Material to process Start Marker

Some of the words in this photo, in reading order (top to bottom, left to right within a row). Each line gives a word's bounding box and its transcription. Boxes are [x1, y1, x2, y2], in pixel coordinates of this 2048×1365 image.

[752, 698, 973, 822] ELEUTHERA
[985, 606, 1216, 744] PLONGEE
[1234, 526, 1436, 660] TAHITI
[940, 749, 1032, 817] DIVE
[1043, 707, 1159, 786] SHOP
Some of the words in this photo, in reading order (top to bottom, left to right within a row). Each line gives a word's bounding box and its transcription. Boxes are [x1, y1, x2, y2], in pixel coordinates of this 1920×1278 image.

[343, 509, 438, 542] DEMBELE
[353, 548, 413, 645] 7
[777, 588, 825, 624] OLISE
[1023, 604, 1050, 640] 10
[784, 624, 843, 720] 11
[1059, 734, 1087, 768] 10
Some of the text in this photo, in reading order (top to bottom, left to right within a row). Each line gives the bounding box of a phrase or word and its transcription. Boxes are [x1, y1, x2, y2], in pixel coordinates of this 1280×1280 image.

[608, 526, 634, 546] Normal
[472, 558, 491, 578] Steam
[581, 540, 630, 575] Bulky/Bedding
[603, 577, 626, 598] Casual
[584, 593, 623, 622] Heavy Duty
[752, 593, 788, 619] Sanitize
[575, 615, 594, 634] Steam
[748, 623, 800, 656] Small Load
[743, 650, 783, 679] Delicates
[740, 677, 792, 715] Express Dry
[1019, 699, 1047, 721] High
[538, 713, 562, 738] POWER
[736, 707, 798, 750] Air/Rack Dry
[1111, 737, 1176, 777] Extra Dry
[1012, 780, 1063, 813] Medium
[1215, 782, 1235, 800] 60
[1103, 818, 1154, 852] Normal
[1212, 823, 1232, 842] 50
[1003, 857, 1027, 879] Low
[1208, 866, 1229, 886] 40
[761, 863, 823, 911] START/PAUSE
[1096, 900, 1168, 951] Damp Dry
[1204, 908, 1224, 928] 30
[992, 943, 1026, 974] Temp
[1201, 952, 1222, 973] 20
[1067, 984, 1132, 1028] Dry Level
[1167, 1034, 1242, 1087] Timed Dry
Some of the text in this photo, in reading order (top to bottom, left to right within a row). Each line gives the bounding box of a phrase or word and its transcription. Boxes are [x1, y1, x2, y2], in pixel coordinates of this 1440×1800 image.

Material to process End Marker

Work to be completed =>
Every entry above must be reproduced exactly.

Answer for the task =>
Some of the words in this photo, in reading order (top to bottom, left to right within a row). Each line gives a word's bounding box and its transcription. Boxes are [x1, y1, x2, y2], in pixel coordinates of this 2048×1365 image.

[752, 698, 973, 822] ELEUTHERA
[985, 606, 1216, 744] PLONGEE
[1234, 526, 1436, 660] TAHITI
[940, 749, 1032, 817] DIVE
[1043, 707, 1159, 786] SHOP
Some of the words in this photo, in reading order (top to bottom, left to right within a row). Each line gives a word's bounding box and its transcription. Boxes are [x1, y1, x2, y2], in pixel coordinates of this 1920×1278 image.

[343, 509, 438, 542] DEMBELE
[353, 548, 413, 645] 7
[777, 588, 825, 624] OLISE
[1023, 604, 1050, 640] 10
[784, 624, 843, 720] 11
[1059, 734, 1087, 768] 10
Some of the text in this photo, in reading order (top to bottom, left to right within a row). Each line gives the bounding box of a phrase or word and its transcription. Boxes are [x1, y1, x2, y2], in pixel coordinates of this 1280×1280 image.

[608, 526, 634, 546] Normal
[472, 558, 491, 578] Steam
[581, 540, 630, 575] Bulky/Bedding
[603, 577, 626, 598] Casual
[584, 593, 623, 622] Heavy Duty
[752, 593, 788, 619] Sanitize
[575, 615, 594, 634] Steam
[748, 623, 800, 656] Small Load
[743, 650, 783, 679] Delicates
[740, 677, 792, 715] Express Dry
[1019, 699, 1047, 721] High
[538, 713, 562, 738] POWER
[736, 707, 798, 750] Air/Rack Dry
[1111, 737, 1176, 777] Extra Dry
[1012, 780, 1063, 813] Medium
[1215, 782, 1235, 800] 60
[1103, 818, 1154, 852] Normal
[1212, 823, 1232, 842] 50
[1003, 857, 1027, 879] Low
[1208, 866, 1229, 886] 40
[761, 863, 823, 911] START/PAUSE
[1096, 900, 1168, 951] Damp Dry
[1204, 908, 1224, 928] 30
[992, 943, 1026, 974] Temp
[1201, 952, 1222, 973] 20
[1067, 984, 1132, 1028] Dry Level
[1167, 1034, 1242, 1087] Timed Dry
Some of the text in this photo, in reading order (top to bottom, left to right within a row). Each line gives the bounding box of a phrase or word and its transcription. Boxes are [x1, y1, x2, y2], in pixel coordinates of this 1440×1800 image.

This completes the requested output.